Repeat the data word for word and skip the pictures.
### Data in this exercise
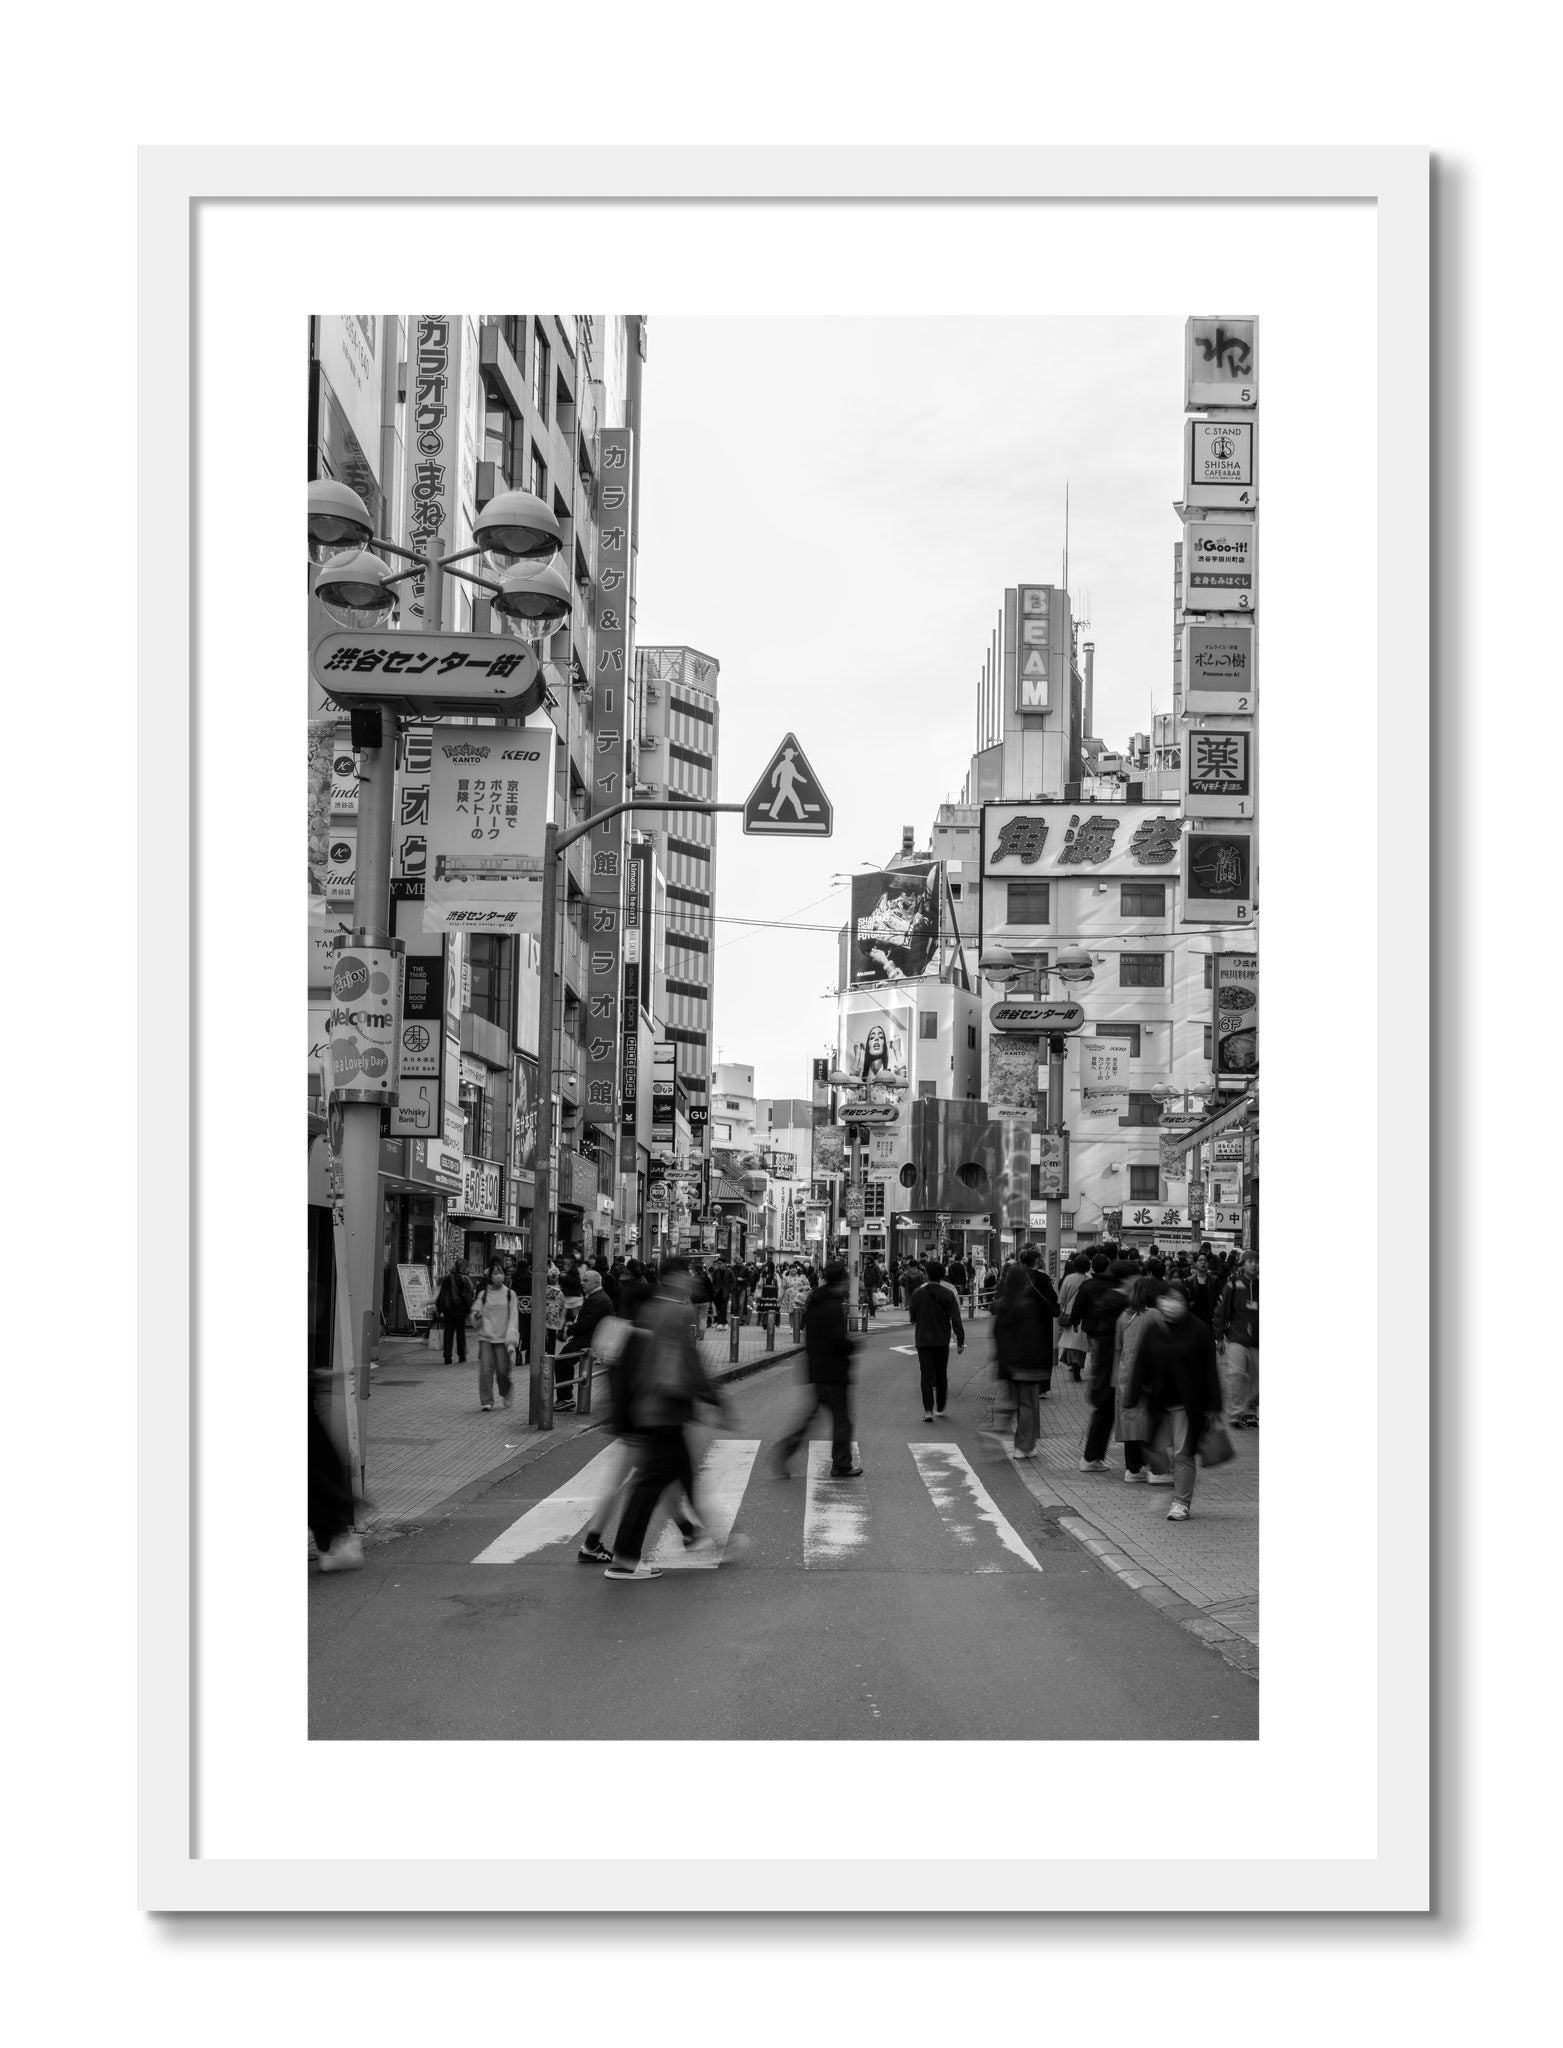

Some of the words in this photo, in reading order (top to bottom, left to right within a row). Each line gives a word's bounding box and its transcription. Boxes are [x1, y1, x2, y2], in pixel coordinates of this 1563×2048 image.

[416, 320, 448, 433] カラオケ
[1241, 389, 1251, 402] 5
[1205, 427, 1241, 436] C.STAND
[1205, 461, 1241, 469] SHISHA
[1240, 491, 1250, 505] 4
[1203, 539, 1248, 553] Goo-it!
[1193, 576, 1249, 586] 全身もみほぐし
[1238, 594, 1249, 608] 3
[1021, 588, 1049, 707] BEAM
[324, 647, 525, 678] 渋谷センター街
[1238, 697, 1249, 710] 2
[501, 750, 541, 762] KEIO
[1197, 736, 1238, 778] 薬
[456, 779, 470, 814] 冒険へ
[471, 779, 486, 840] カントーの
[505, 780, 519, 829] 京王線で
[1238, 801, 1245, 814] 1
[990, 814, 1186, 864] 角海老
[629, 863, 638, 892] kimono
[446, 911, 518, 921] 渋谷センター街
[1237, 905, 1246, 918] B
[335, 967, 367, 995] Enjoy
[588, 909, 617, 1106] カラオケ館
[996, 1009, 1079, 1020] 渋谷センター街
[332, 1008, 393, 1028] Welcome
[1220, 1016, 1242, 1032] 6F
[345, 1056, 370, 1071] Lovely
[399, 1108, 426, 1118] Whisky
[690, 1111, 708, 1120] GU
[380, 1125, 389, 1133] 1F
[1133, 1207, 1182, 1225] 兆楽
[786, 1206, 794, 1241] BEER
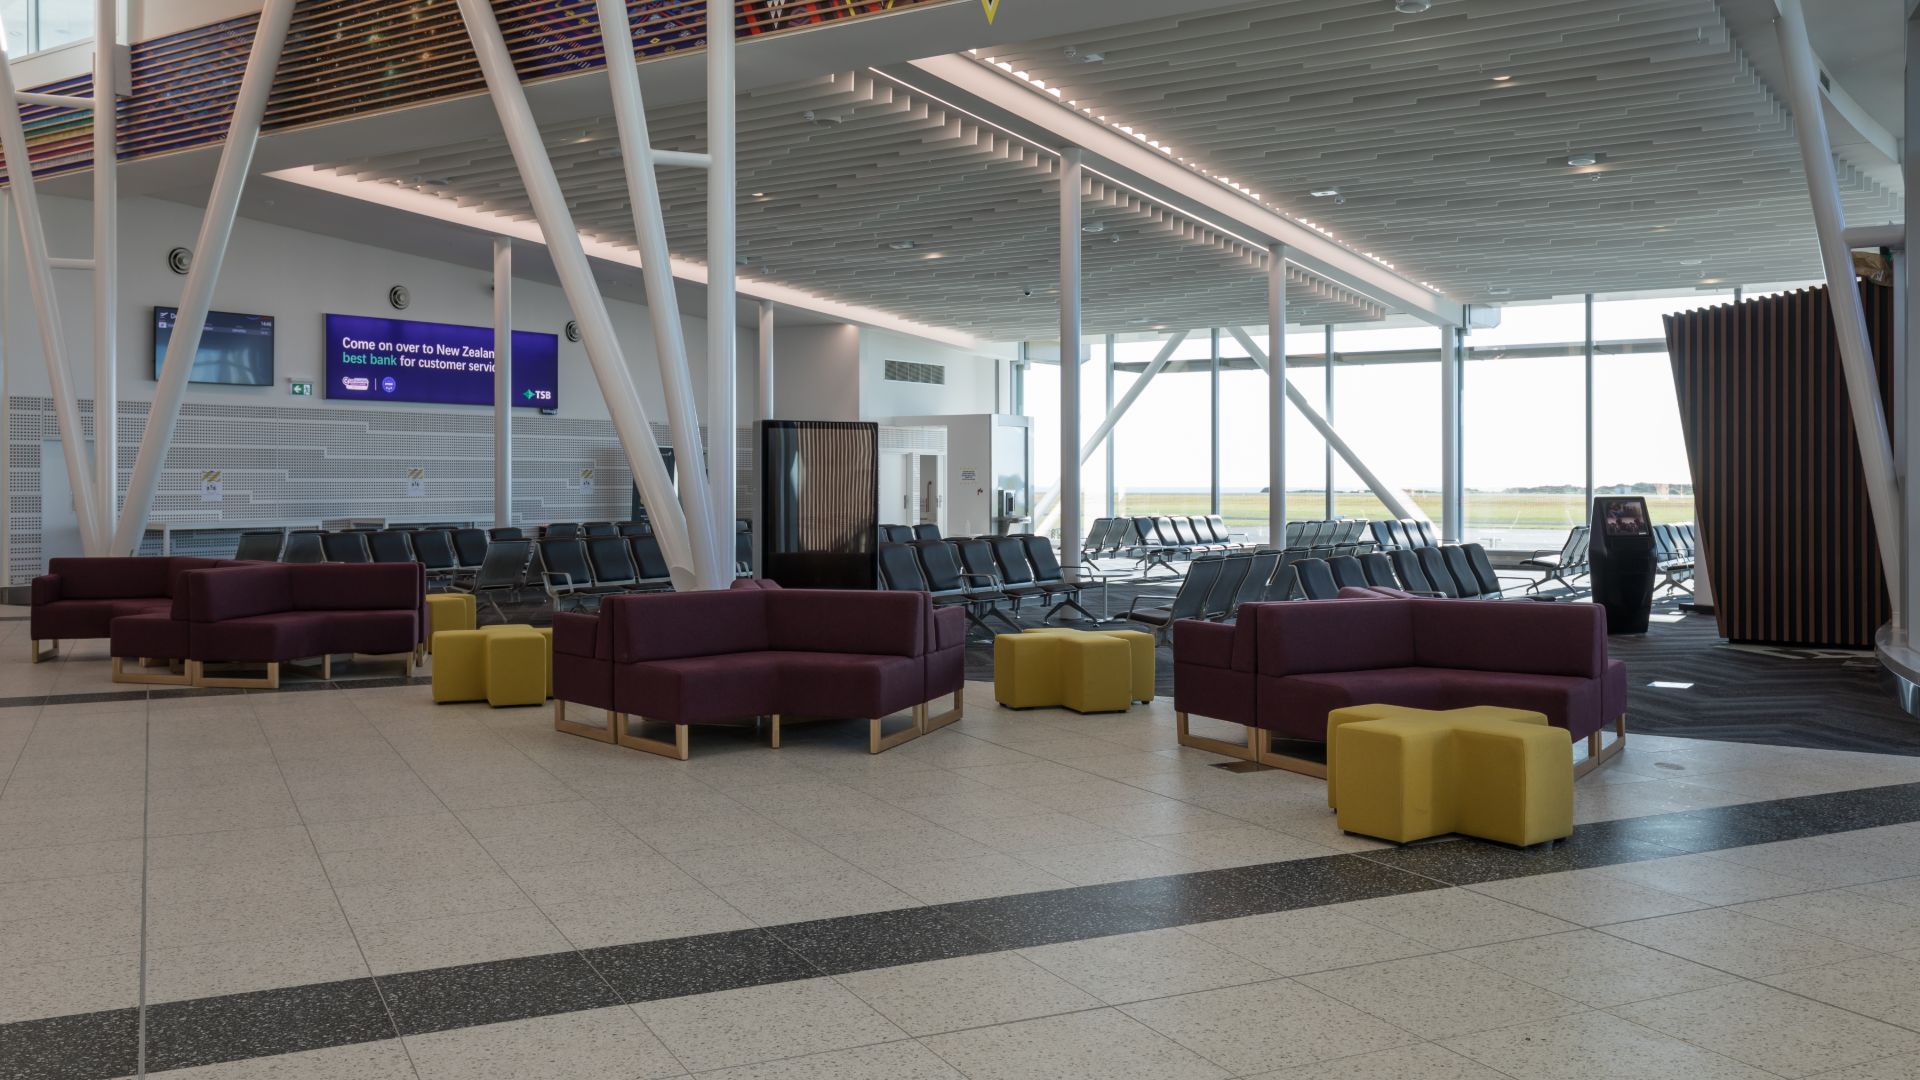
######
> Exercise response:
Some of the words in this photo, in reading order (top to bottom, left to right within a row). Each line gives a word's bounding box and its transcription. Boxes are [x1, y1, x2, y2], in pixel coordinates of this 1563×2048 image.

[416, 320, 448, 433] カラオケ
[1241, 389, 1251, 402] 5
[1205, 427, 1241, 436] C.STAND
[1205, 461, 1241, 469] SHISHA
[1240, 491, 1250, 505] 4
[1203, 539, 1248, 553] Goo-it!
[1193, 576, 1249, 586] 全身もみほぐし
[1238, 594, 1249, 608] 3
[1021, 588, 1049, 707] BEAM
[324, 647, 525, 678] 渋谷センター街
[1238, 697, 1249, 710] 2
[501, 750, 541, 762] KEIO
[1197, 736, 1238, 778] 薬
[456, 779, 470, 814] 冒険へ
[471, 779, 486, 840] カントーの
[505, 780, 519, 829] 京王線で
[1238, 801, 1245, 814] 1
[990, 814, 1186, 864] 角海老
[629, 863, 638, 892] kimono
[446, 911, 518, 921] 渋谷センター街
[1237, 905, 1246, 918] B
[335, 967, 367, 995] Enjoy
[588, 909, 617, 1106] カラオケ館
[996, 1009, 1079, 1020] 渋谷センター街
[332, 1008, 393, 1028] Welcome
[1220, 1016, 1242, 1032] 6F
[345, 1056, 370, 1071] Lovely
[399, 1108, 426, 1118] Whisky
[690, 1111, 708, 1120] GU
[380, 1125, 389, 1133] 1F
[1133, 1207, 1182, 1225] 兆楽
[786, 1206, 794, 1241] BEER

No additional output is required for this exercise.